You may be forgiven for thinking that the best decisions are made when all the evidence is weighed up and a cool sense of logic is applied, this may be true but the gossip ingredient is apparently very important and can be proven, statistically, to make a real difference.

The problem with most solo decision taking is that it is very subjective, we only see the effect and logic of our decision from our own point of view and even if we consider others we usually only do so in terms of impact. However gossip is not so much focused on the content of the decision but what people think of the decision maker and how and why they made the decision. In fact considering what gossip might be spread, allows us to imagine how others will not only think about our decision but also us; our authority, frame of mind, motives etc.

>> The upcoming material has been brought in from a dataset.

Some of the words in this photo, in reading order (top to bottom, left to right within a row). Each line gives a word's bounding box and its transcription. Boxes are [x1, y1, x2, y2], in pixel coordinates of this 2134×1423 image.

I regularly preach that the best change managers are those that take the time to anticipate what other people are thinking and how they are likely to react, well in decision making one also needs to consider what people are thinking about you the decision maker. But why is this and how can it allow us to make better decisions?

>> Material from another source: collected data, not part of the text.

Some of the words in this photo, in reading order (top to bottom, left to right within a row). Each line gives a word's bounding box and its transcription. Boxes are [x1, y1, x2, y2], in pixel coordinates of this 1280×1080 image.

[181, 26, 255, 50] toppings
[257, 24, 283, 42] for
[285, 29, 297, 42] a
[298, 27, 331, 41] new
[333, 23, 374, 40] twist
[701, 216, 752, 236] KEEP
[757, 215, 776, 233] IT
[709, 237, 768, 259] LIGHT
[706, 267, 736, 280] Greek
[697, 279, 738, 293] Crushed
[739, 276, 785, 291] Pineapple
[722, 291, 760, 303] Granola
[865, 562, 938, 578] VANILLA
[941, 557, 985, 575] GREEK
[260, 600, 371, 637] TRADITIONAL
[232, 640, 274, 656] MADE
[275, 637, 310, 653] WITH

Firstly it gives us a better understanding of the likely emotional impact of our decision. Secondly, it helps us estimate the likelihood of people respecting us and therefore, in part, the decision itself. Thirdly, it allows us the possibility to prepare relevant arguments to defend the decision from their point of view.  And fourthly, it enables us to adjust or even re-consider the decision, or its timing, before it is even made.  In leadership, timing is everything.  

Considering gossip does not mean that our decisions need to be watered down, nor does it mean that we should only decide for what the stakeholders want, but it does mean that at least we consider our decisions very carefully and especially how we are seen by others in the process. For if we are not respected then, most likely, our decision will not be either.

It’s worth considering and it is statistically proven!